Un altro nome si aggiunge alla lunga e drammatica lista delle donne uccise da chi diceva di amarle. Ancora una volta, una storia di violenza culminata nel sangue.
La vittima è Anna Tagliaferri, 40 anni, imprenditrice molto conosciuta a Cava de’ Tirreni, in provincia di Salerno. La donna è stata colpita almeno sei volte con un coltello da cucina dal compagno, Diego Di Domenico, suo coetaneo. L’omicidio si è consumato nel pomeriggio all’interno dell’abitazione di via Ragone, dove la coppia conviveva.
Dopo aver inferto i colpi mortali, l’uomo si è diretto sul tetto dello stabile e si è lanciato nel vuoto, morendo sul colpo nel cortile sottostante. Un gesto estremo che ha chiuso una tragedia avvenuta sotto gli occhi della madre della vittima, una donna di 75 anni, presente in casa al momento dell’aggressione. L’anziana ha tentato disperatamente di fermare l’uomo, rimanendo ferita a sua volta, ma le sue condizioni non sarebbero gravi.
Sul posto sono intervenuti immediatamente i carabinieri del Reparto territoriale di Nocera Inferiore, che hanno ricostruito in breve tempo una dinamica apparsa fin da subito chiara. L’arma del delitto, un coltello da cucina, è stata rinvenuta e posta sotto sequestro. È probabile che il pubblico ministero disponga l’autopsia su entrambi i corpi.
La notizia ha sconvolto l’intera comunità cavese. Anna Tagliaferri era molto stimata: imprenditrice affermata, era titolare della storica pasticceria Tirreno, un punto di riferimento per la città. Al momento non risultano denunce o segnalazioni pregresse che potessero far presagire un epilogo tanto tragico.
Profondo il cordoglio espresso anche dal sindaco Vincenzo Servalli, che si è recato sul luogo della tragedia e ha disposto la sospensione di tutte le iniziative natalizie in segno di lutto. Parole di dolore sono arrivate anche dalla senatrice del Movimento 5 Stelle Anna Bilotti, componente della Commissione bicamerale sul femminicidio: «Ogni donna uccisa rappresenta un fallimento collettivo. Alla famiglia di Anna e alla comunità di Cava de’ Tirreni va la mia più sincera vicinanza».
Intanto, un altro grave episodio di violenza contro una donna emerge dal Varesotto, fortunatamente senza esiti mortali. Qui una donna di 50 anni è riuscita a sottrarsi a una spirale di abusi grazie a un gesto disperato: mentre si trovava in auto con il suo aggressore, è riuscita a fare il segnale di emergenza, facendo scattare l’allarme.
L’uomo, 37 anni, conosciuto mesi prima tramite un gruppo social legato alla passione per le moto, si era presentato come divorziato.

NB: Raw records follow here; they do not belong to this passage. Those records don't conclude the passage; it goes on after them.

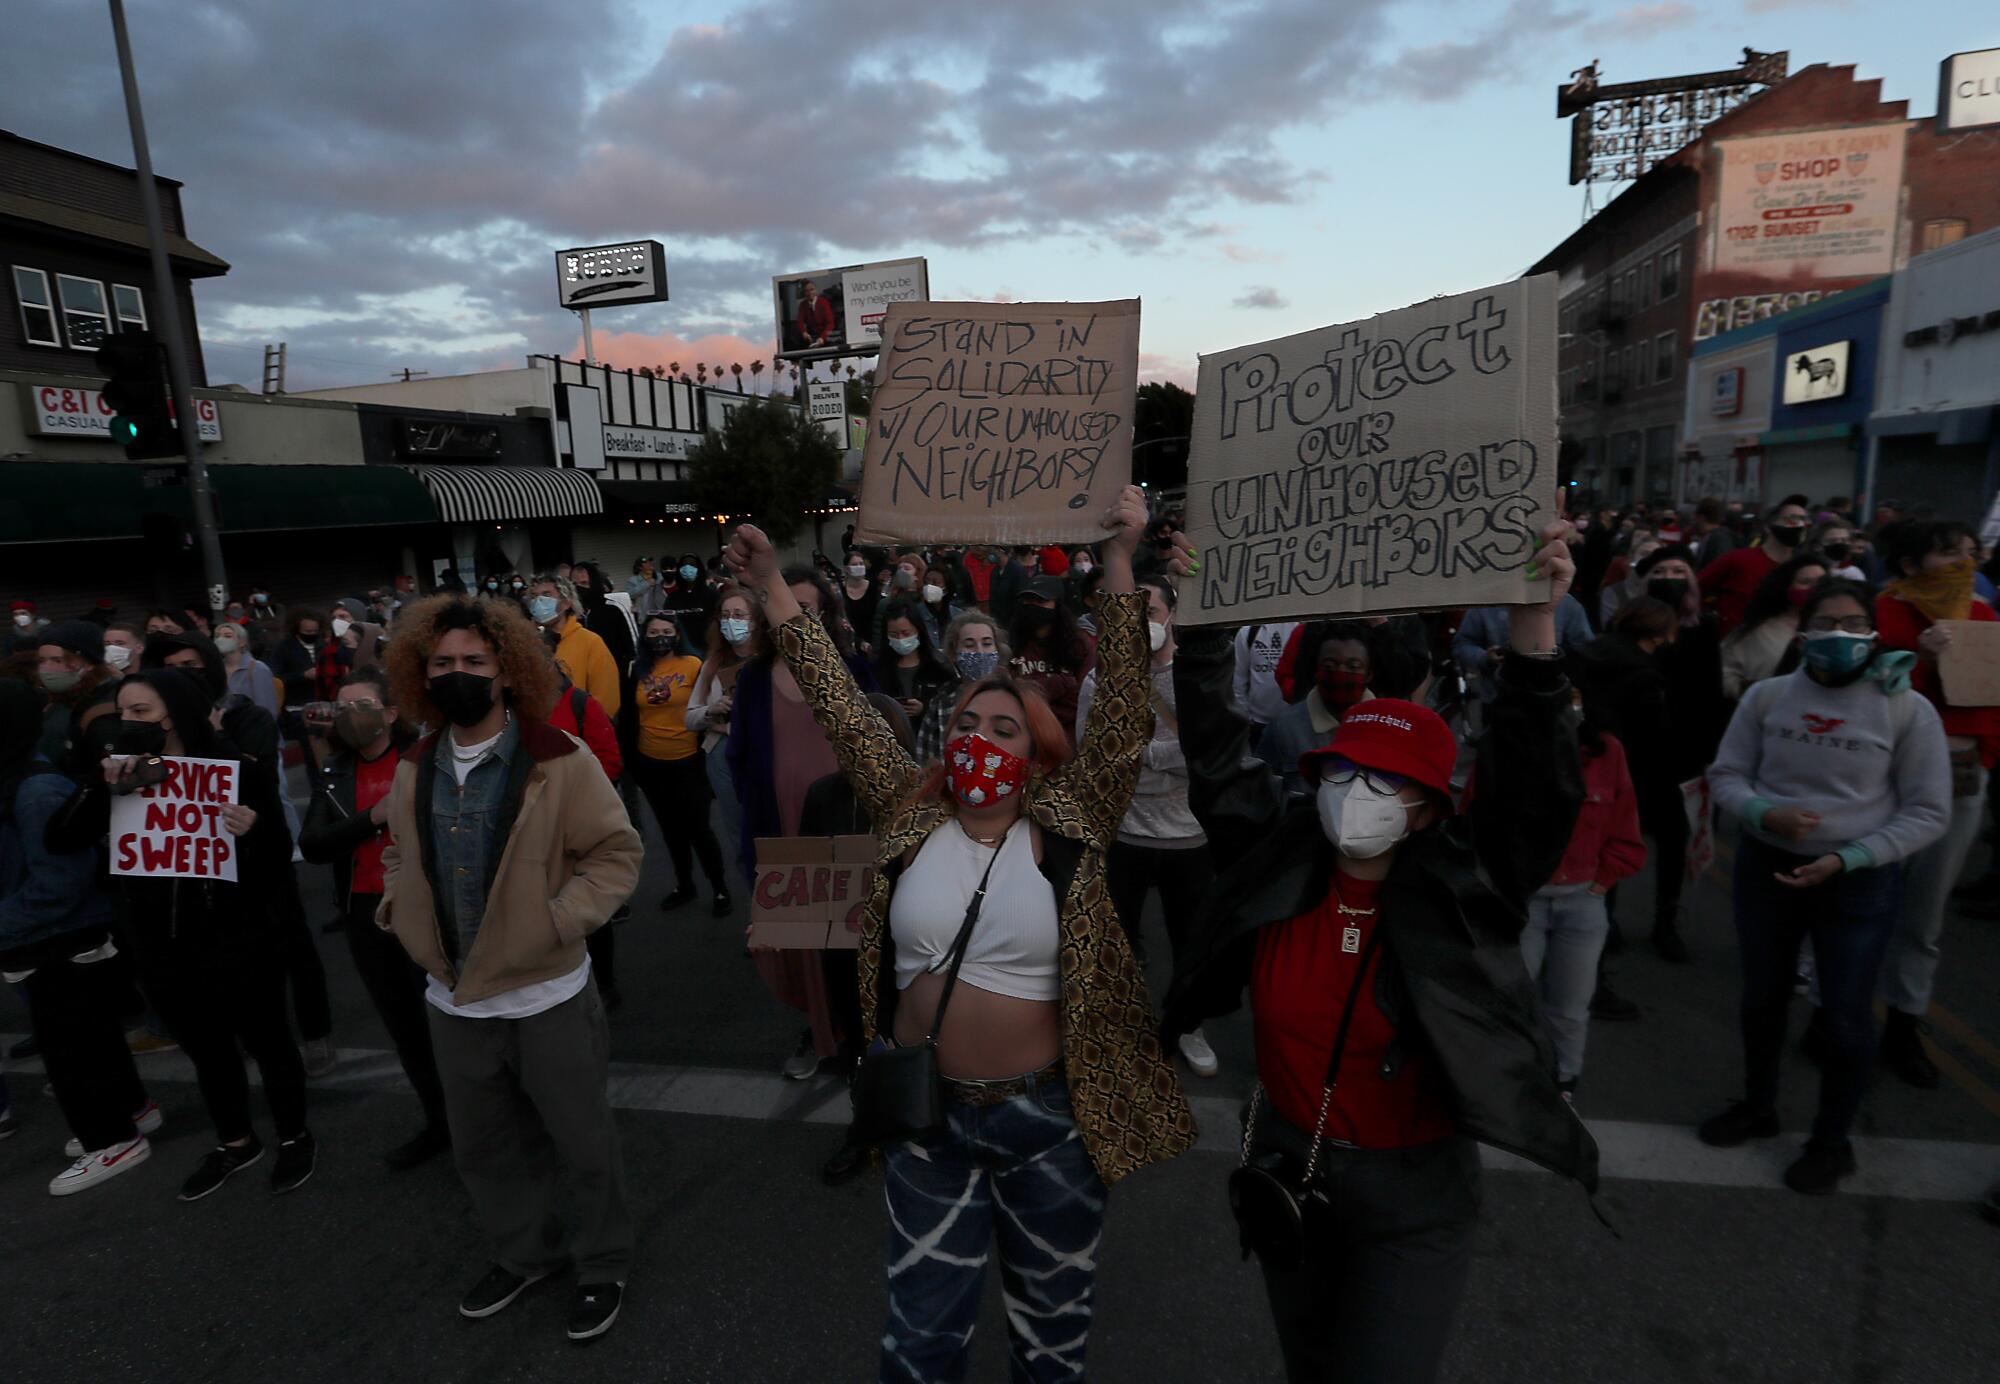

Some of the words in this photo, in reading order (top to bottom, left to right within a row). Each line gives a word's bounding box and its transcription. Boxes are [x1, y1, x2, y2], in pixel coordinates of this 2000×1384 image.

[1780, 158, 1842, 181] SHOP
[1726, 225, 1758, 240] 1702
[1763, 220, 1820, 238] SUNSET
[850, 297, 864, 307] my
[867, 289, 915, 305] neighbor?
[851, 281, 878, 293] Won't
[879, 280, 897, 293] you
[898, 277, 911, 287] be
[1221, 296, 1511, 440] Protect
[40, 387, 89, 415] C&I
[812, 403, 842, 415] RODEO
[45, 415, 110, 430] CASUAL
[914, 402, 1000, 448] OUR
[1006, 407, 1121, 443] UNHOUSED
[606, 433, 646, 452] Breakfast
[654, 436, 675, 454] Lunch
[1297, 411, 1395, 467] OUR
[1779, 727, 1860, 751] MAINE
[142, 759, 234, 803] RVICE
[145, 802, 222, 837] NOT
[117, 832, 230, 876] SWEEP
[756, 866, 852, 910] CARE

In realtà era sposato. La relazione, iniziata a Ferno, si è presto trasformata in un incubo fatto di stalking, violenze fisiche e sessuali, minacce e controllo totale. In un’occasione la donna era finita in ospedale per le percosse subite, salvo essere nuovamente aggredita all’uscita del pronto soccorso.

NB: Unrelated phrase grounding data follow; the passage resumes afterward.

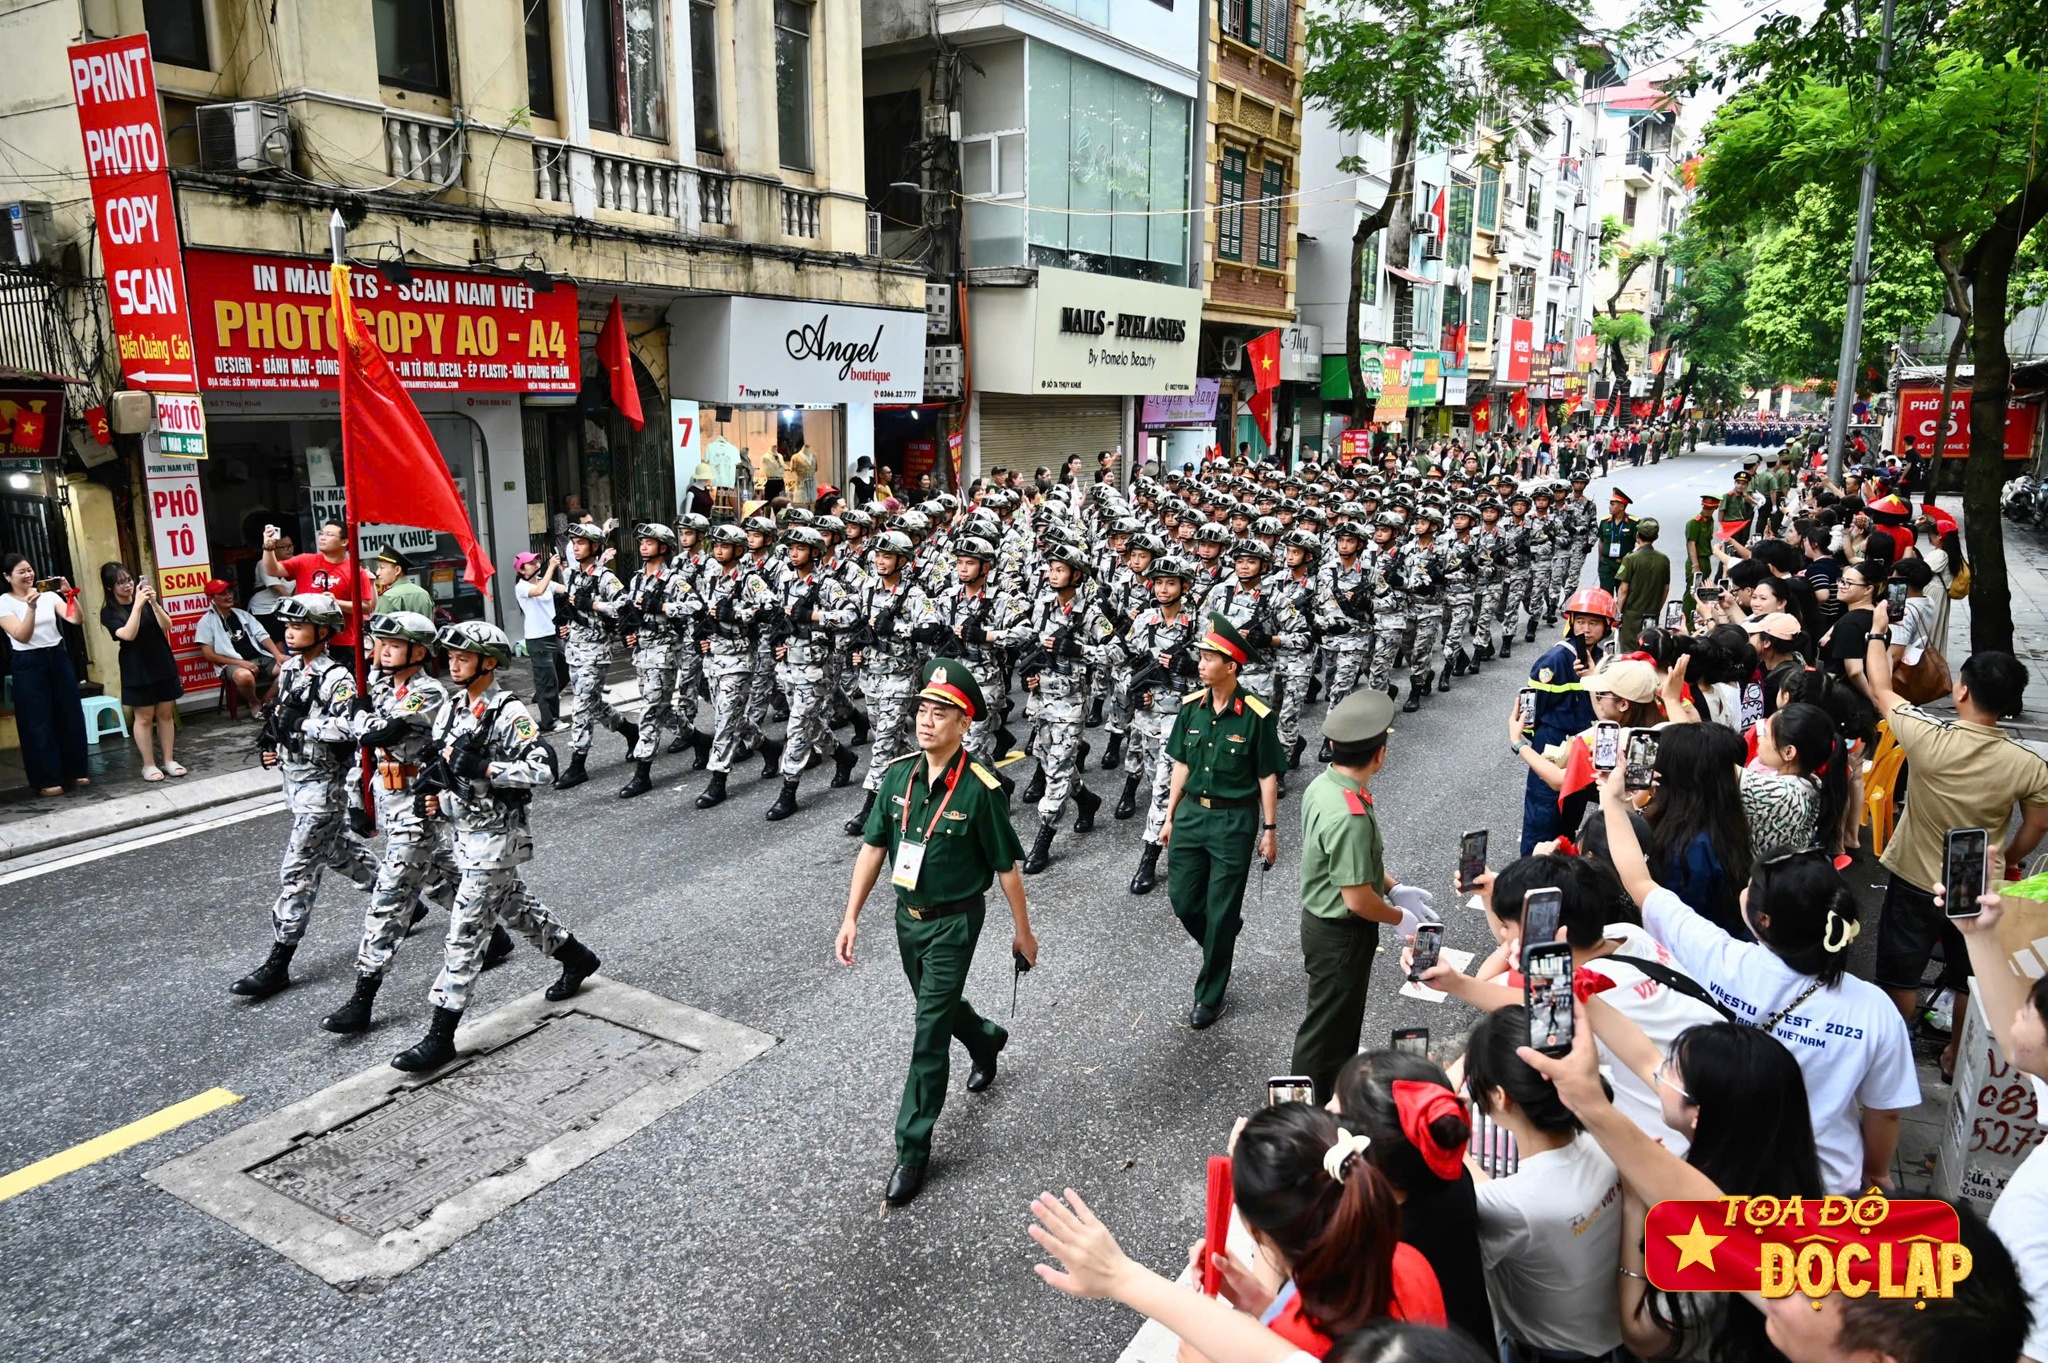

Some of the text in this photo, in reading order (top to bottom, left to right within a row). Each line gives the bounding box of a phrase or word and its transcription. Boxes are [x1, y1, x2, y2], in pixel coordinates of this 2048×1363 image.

[72, 48, 147, 106] PRINT
[86, 122, 160, 177] PHOTO
[105, 195, 159, 245] COPY
[115, 267, 177, 315] SCAN
[252, 265, 278, 292] IN
[284, 264, 332, 296] MÀU
[347, 273, 379, 299] TS
[398, 277, 450, 304] SCAN
[455, 281, 496, 307] NAM
[501, 282, 535, 314] VIỆT
[1060, 307, 1105, 336] NAILS
[1116, 313, 1186, 343] EYELASHES
[171, 334, 191, 361] Cáo
[528, 319, 567, 359] A4
[785, 313, 884, 381] Angel
[214, 356, 253, 374] DESIGN
[263, 355, 289, 375] ĐÁNH
[480, 364, 508, 379] PLASTIC
[1088, 349, 1156, 370] By Pomelo Beauty
[850, 367, 891, 384] boutique
[739, 385, 745, 397] 7
[1910, 398, 1940, 411] PHỞ
[158, 400, 201, 431] PHÔ TÔ
[678, 417, 693, 448] 7
[167, 464, 181, 472] NAM
[153, 483, 199, 519] PHÔ
[313, 487, 346, 502] IN MÀ
[166, 523, 195, 557] TÔ
[164, 571, 208, 591] SCAN
[168, 596, 210, 613] IN MÀU
[1777, 1027, 1827, 1049] VIETNAM
[1784, 1014, 1813, 1029] EST
[1825, 1022, 1864, 1041] 2023

Secondo il racconto della vittima, l’uomo l’avrebbe persino costretta a denunciare per stupro un conoscente innocente e, per giorni, l’avrebbe trattenuta in casa insieme alla moglie e alla figlia, in attesa che i segni delle botte si attenuassero. Ora il 37enne è stato arrestato con accuse pesantissime, tra cui violenza sessuale, stalking, rapina e violenza privata, mentre non si esclude l’aggiunta del reato di sequestro di persona.
Due storie diverse, unite dallo stesso filo rosso: la violenza di genere che continua a colpire, spesso nel silenzio, lasciando dietro di sé dolore, sgomento e domande senza risposta.